As the winter begins to look and feel like the winter, local stages are given to many, many shorts. Last week, the Milwaukee Rep opened its Rep Lab shorts program. This weekend, Carte Blanche Studios opens its Witer Edition of the North American New Plays Festival. The festival is separated out into 3 blocks of shorts the alternate over the course of the run of the festival, which continues through the end of the month.
The festival opened with “Block 2.” It was a really sharply modulated mix of comedy, surrealist drama and quasi-experimental stuff. Here are a few impressions:
Package Deal by C.J. Ehrlich of New York. Josh Devitt and Michelle Paura play two teachers on what they’d hoped to be a romantic vacation. It turns out that the vacation package to a tiny Eastern European nation isn’t quite as romantic as Devitt’s character might’ve expected. A cute comedy with an appearance by Sally Marks as the Eastern European hostess. Ehrlich has difficulty modulating the comedy from beginning to end in kind of a weak comedic structure, but Devitt and Paura make the best of it. They have difficulty modulating between the heartfelt emotions and the over-the-top surrealism of the premise, but that’s a difficulty originating in the script of an otherwise enjoyable comedic piece.

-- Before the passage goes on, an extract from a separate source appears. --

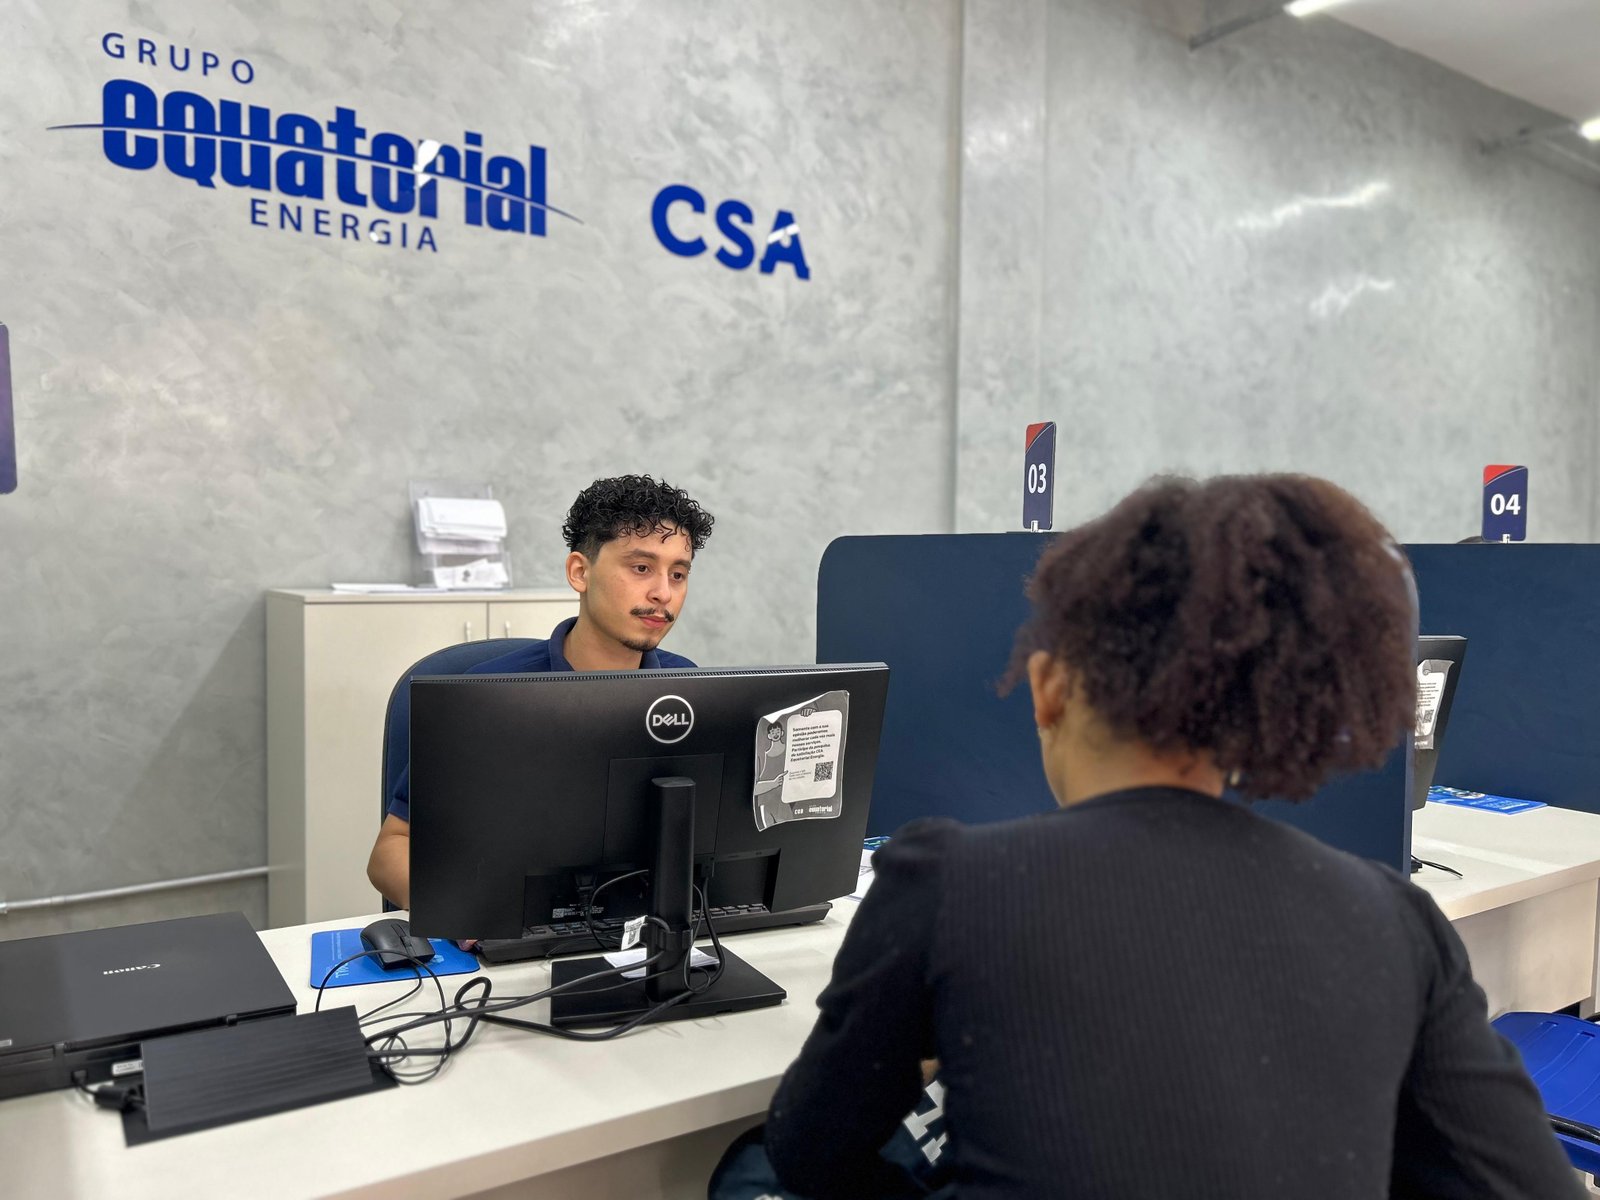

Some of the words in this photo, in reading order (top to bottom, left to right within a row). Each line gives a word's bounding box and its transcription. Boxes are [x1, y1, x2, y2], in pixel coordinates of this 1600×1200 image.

Bogey and the Dame by Jacqueline Golfinger of Philadelphia. The work of Dasheiell Hammett and Raymond Chandler is extremely good. So good is their work that the idea of trying to emulate their style in any way is extremely comic. And so more people are aware of the hardboiled detective style of narrative through all of te many, many parodies that have come after their work. This one has Derek Worepel playing a sharply charismatic Bogey-esque character who has come to run into a hard boiled femme fatale sensually played by Laura Holterman in dueling monologue format. There are a few genuinely good lines in here, but for the most part it’s just a fun little bit of comedy.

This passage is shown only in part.